This is part 3 of a series that will eventually be a book by the same name as this blog. While this is labeled Part 3, it will likely occur much later in the book, after presentation of topics for lower grades (K-6).
The math textbooks in use today have a dearth of good explanations, as well as word problems. Examples usually take the place of any kind of extended explanation, and while explicit instruction relies on worked examples, a textbook should have some additional explanation to go along with them. Indeed, the explanations provided in the teachers’ manuals for these books are instructive and should be included in the students’ textbooks as well. In addition, today’s textbooks generally include too many topics in one lesson, and the problems at the end of the lesson sometimes go beyond what was discussed in the lesson itself.
Compounding these difficulties are that many of these books tout a “balanced approach”. This usually means that preceding the lessons so described above there is an activity or “inquiry” for students in which they are to discover the general principles behind whatever the topic might be. For example, preceding a lesson on multiplying negative numbers, there may be thought problems on how much weight you would lose if you lost four pounds per week for five weeks, leading to the multiplication of -4 by 5, resulting in a loss of twenty pounds, or -20. The next day, they then have the more straightforward lesson made up mostly of more examples with the rules of multiplication of negative numbers stated formally.
While it is sometimes worthwhile to set aside a day to front load key concepts prior to a lesson, many times these inquiries can and should be incorporated in the main lesson.
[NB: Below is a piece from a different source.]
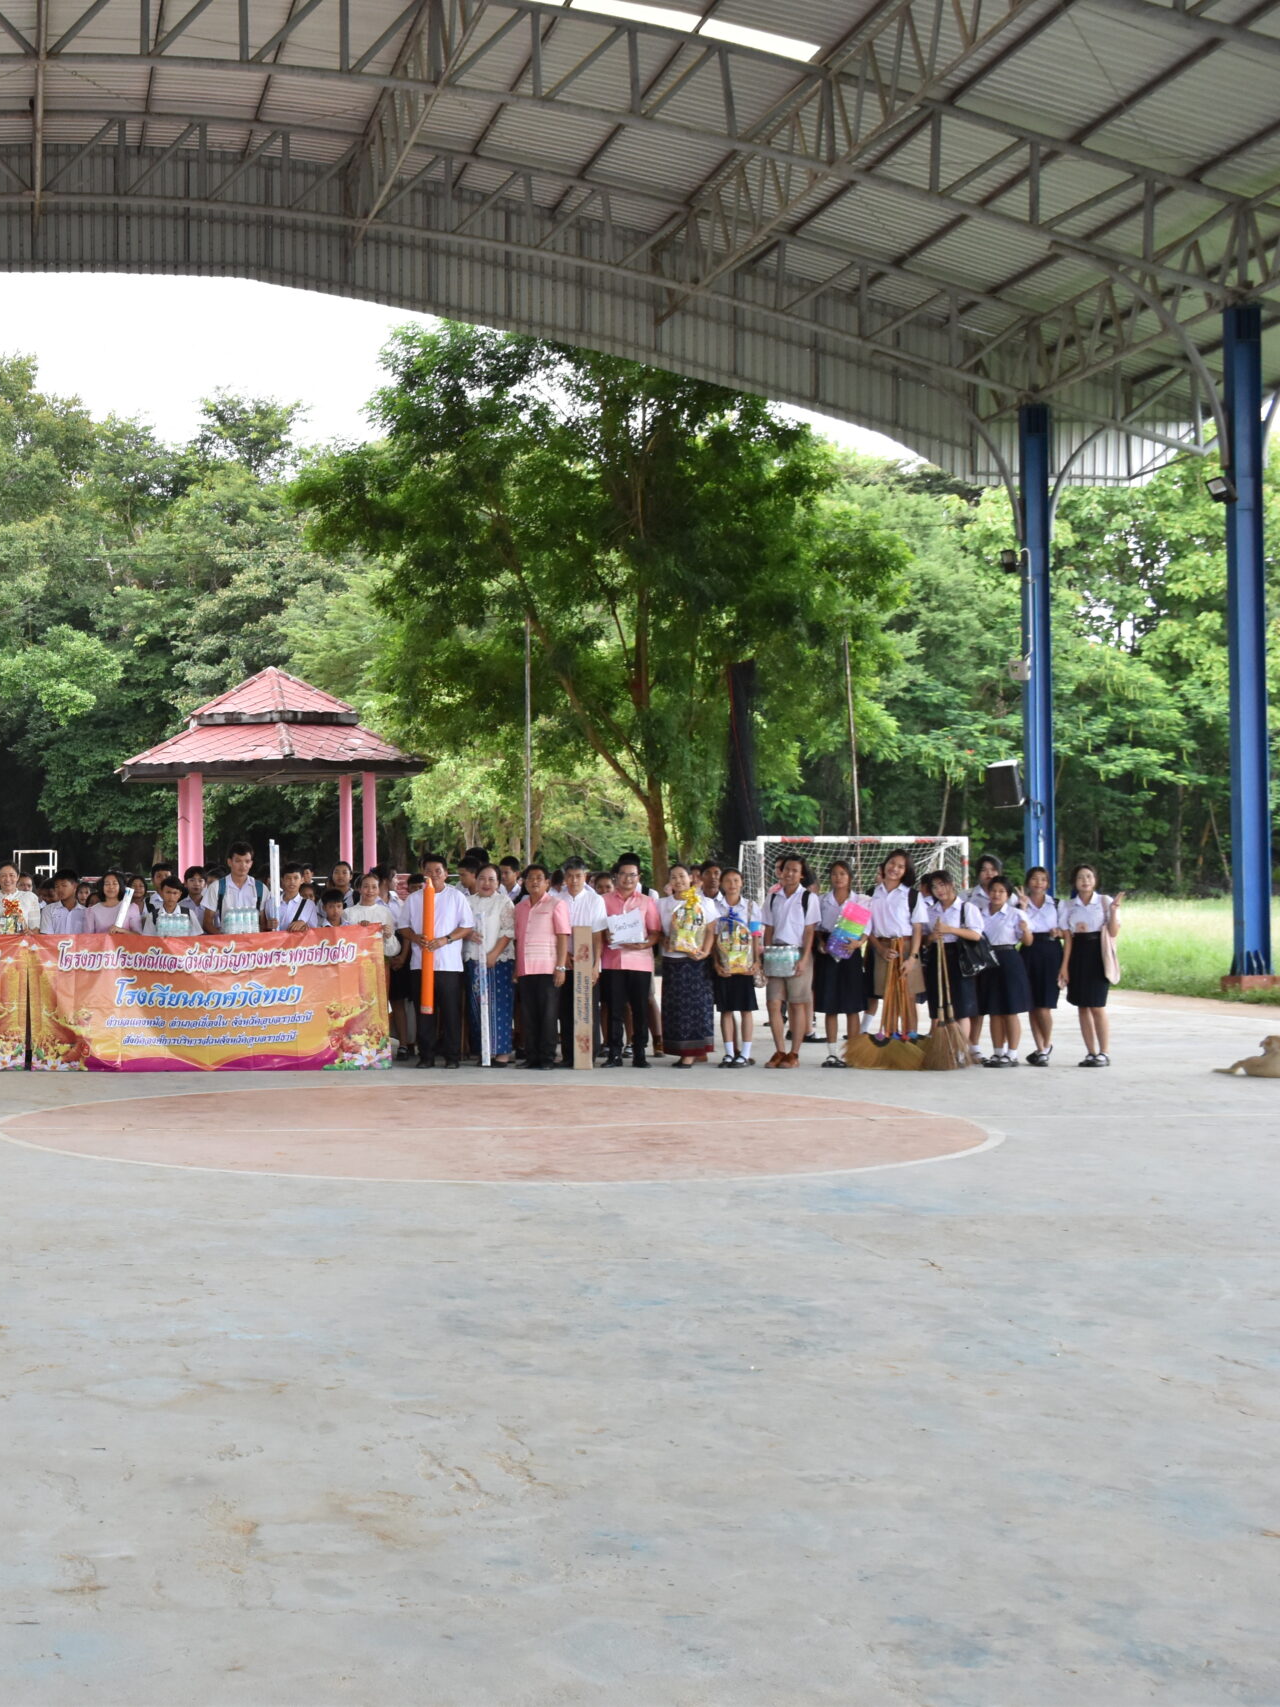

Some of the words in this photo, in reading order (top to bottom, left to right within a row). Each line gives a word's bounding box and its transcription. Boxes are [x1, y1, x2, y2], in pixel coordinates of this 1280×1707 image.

[58, 939, 357, 976] โครงการประเพณีและวันสำคัญทางพระพุทธศาสนา
[116, 977, 303, 1008] โรงเรียนนาคำวิทยา
In a later chapter I will discuss the best way to proceed through such “balanced approach” textbooks. This chapter focuses on the sequence of topics that I and other teachers with whom I’ve worked believe make the most mathematical and logical sense.
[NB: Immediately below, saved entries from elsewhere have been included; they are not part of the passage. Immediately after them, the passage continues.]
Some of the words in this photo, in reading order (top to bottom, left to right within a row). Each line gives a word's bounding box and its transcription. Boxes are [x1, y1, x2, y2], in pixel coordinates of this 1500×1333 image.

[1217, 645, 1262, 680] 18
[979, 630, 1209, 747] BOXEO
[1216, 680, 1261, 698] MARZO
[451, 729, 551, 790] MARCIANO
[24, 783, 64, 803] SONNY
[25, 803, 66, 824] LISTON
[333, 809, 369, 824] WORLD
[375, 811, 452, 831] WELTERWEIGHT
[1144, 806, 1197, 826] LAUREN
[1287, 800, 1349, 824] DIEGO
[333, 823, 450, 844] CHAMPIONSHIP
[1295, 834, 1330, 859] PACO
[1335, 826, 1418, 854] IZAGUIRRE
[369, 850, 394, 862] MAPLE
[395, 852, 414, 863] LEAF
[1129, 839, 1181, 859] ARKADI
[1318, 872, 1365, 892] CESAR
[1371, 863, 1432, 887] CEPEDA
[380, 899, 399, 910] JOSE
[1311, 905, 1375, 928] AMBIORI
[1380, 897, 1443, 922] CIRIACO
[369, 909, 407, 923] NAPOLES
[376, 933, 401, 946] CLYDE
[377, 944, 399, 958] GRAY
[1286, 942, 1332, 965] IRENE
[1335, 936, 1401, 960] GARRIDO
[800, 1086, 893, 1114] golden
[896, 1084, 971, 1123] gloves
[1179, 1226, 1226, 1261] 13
This chapter also discusses textbooks and materials with which to supplement the textbooks that schools have adopted. These additional resources can be obtained from the internet and provide a source of better explanations as well as problems.
What order/sequence makes the most sense?
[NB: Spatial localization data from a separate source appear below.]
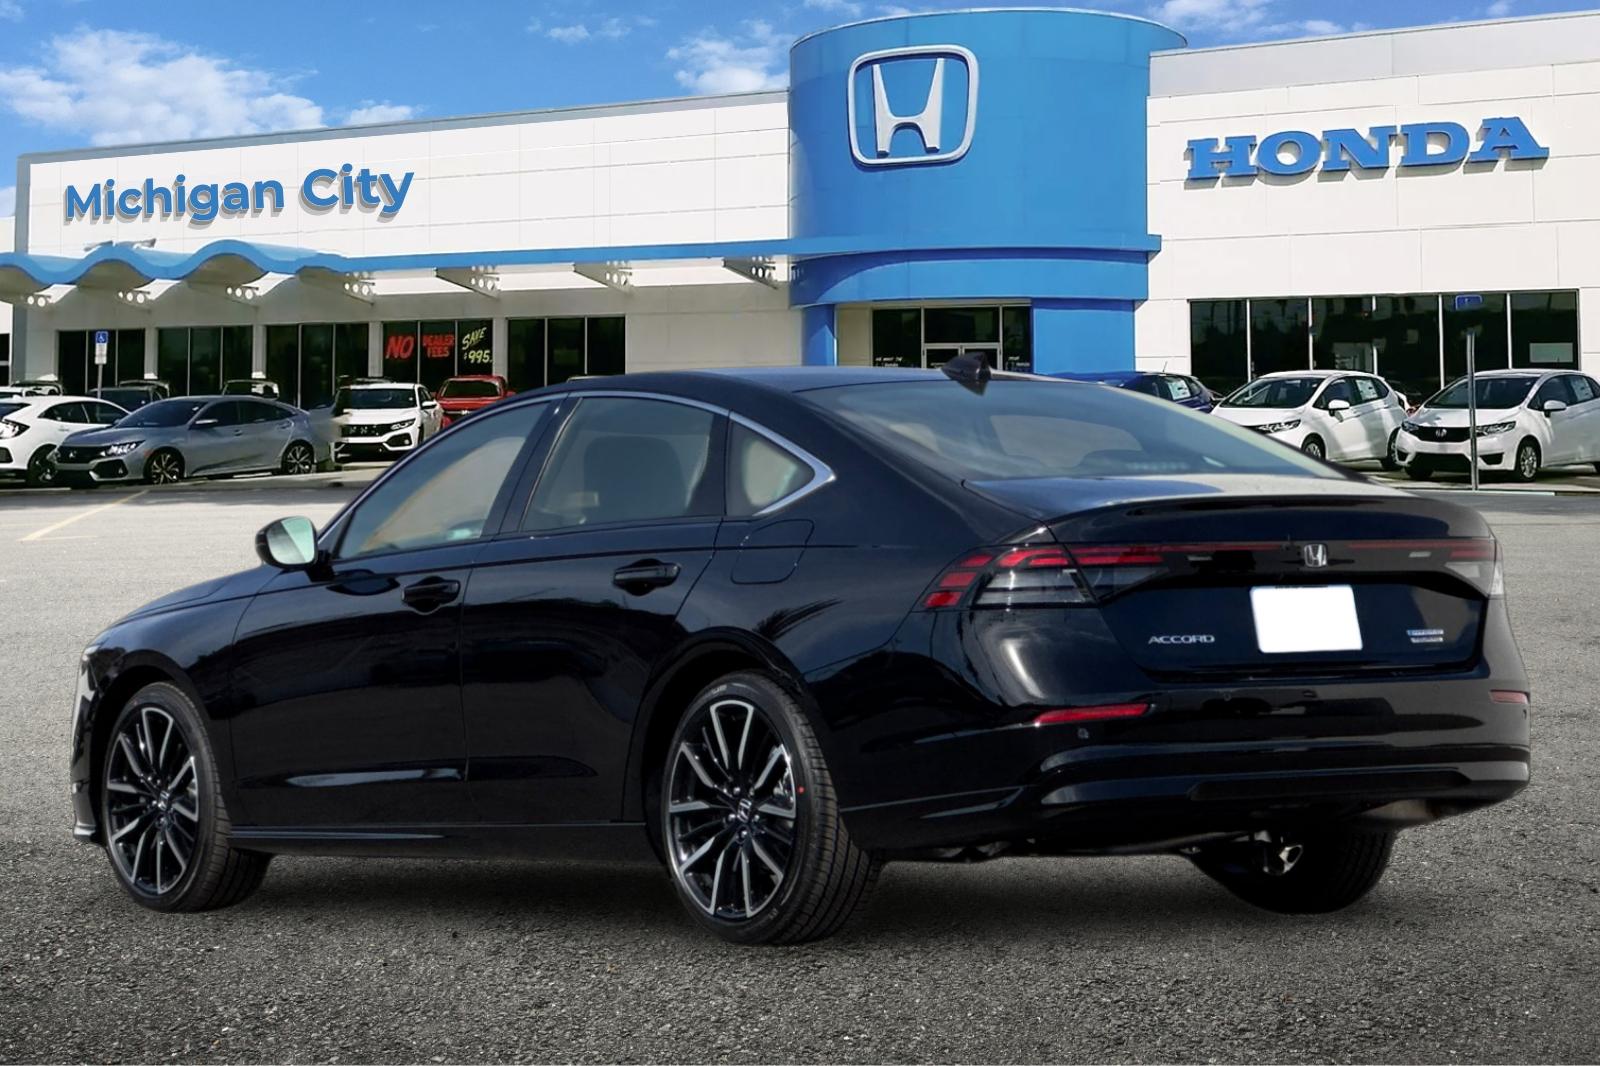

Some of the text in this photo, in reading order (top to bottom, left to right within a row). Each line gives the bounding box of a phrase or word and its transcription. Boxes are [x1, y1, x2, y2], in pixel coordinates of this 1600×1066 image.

[1187, 116, 1550, 179] HONDA
[66, 163, 415, 222] Michigan City
[385, 335, 415, 359] NO
[462, 327, 487, 350] SAVE
[1148, 634, 1216, 645] ACCORD
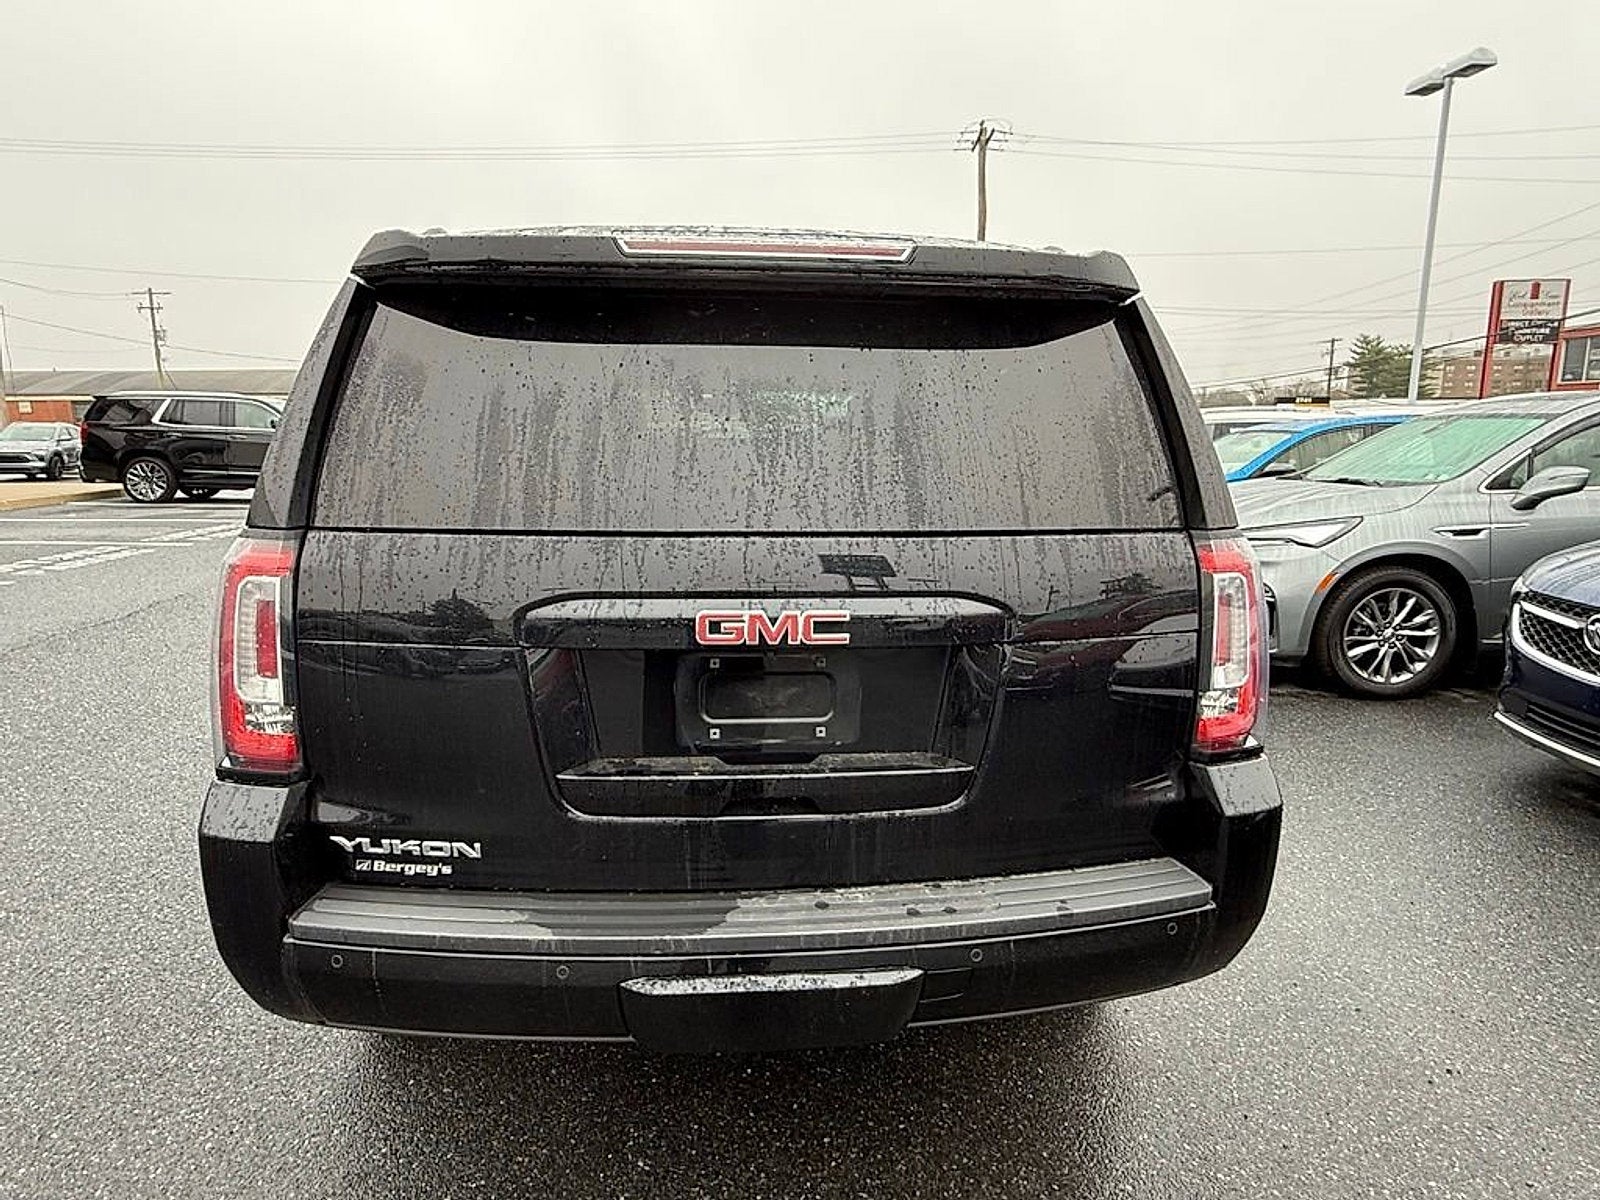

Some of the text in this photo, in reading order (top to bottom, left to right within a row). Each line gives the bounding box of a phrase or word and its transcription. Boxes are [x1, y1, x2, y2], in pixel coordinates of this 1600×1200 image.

[695, 609, 851, 645] GMC
[329, 835, 481, 859] YUKON
[373, 859, 453, 877] Bergey's
In one school where I taught, a sixth grade teacher who was hired at the same time as I noted that the math textbooks start off with ratios and proportions. She felt that this might be confusing to students. I noted that the seventh grade textbook did the same thing, but that I had reordered the sequence of topics to make more sense. I felt that starting with integers, and how to operate with negative numbers and then going into rational numbers would be a better way to start. We both agreed that students need some grounding in fractions to better understand ratios.
I’ve noticed many math books for seventh grade math begin with ratios and proportions including the US edition of JUMP Math. I believe this order is followed because it is also the order of topics in the Common Core Math Standards for that grade. There is nothing in the standards that prescribes that order, and I feel certain that teachers will not be terminated for using a different sequence than what appears in the Common Core standards, or in most textbooks that are aligned with the Common Core.
Similarly, I feel that an introduction to algebraic expressions and equations is necessary prior to ratios and proportions. Since ratios and proportions are one of the largest topics in seventh grade math, students need the appropriate background and tools with which to understand the concepts and operate with them to solve problems.
Scope and Sequence for Math 7
What follows is the scope and sequence for a regular seventh grade math course (Math 7), and an accelerated one. For the latter, the additional topics are introduced in a regular eighth grade math course (i.e, Math 8, not Algebra 1).
Key topics for which this series provides descriptions of their presentation in the traditional manner are: Integers, Rational Numbers, Expressions and Equations, Inequalities, Ratios and Proportions, and Percents
I. Integers
A. Integers and absolute value
B. Negative numbers (Adding, subtracting, multiplying and dividing)
II. Rational numbers
A. Rational numbers (general definition; ordering)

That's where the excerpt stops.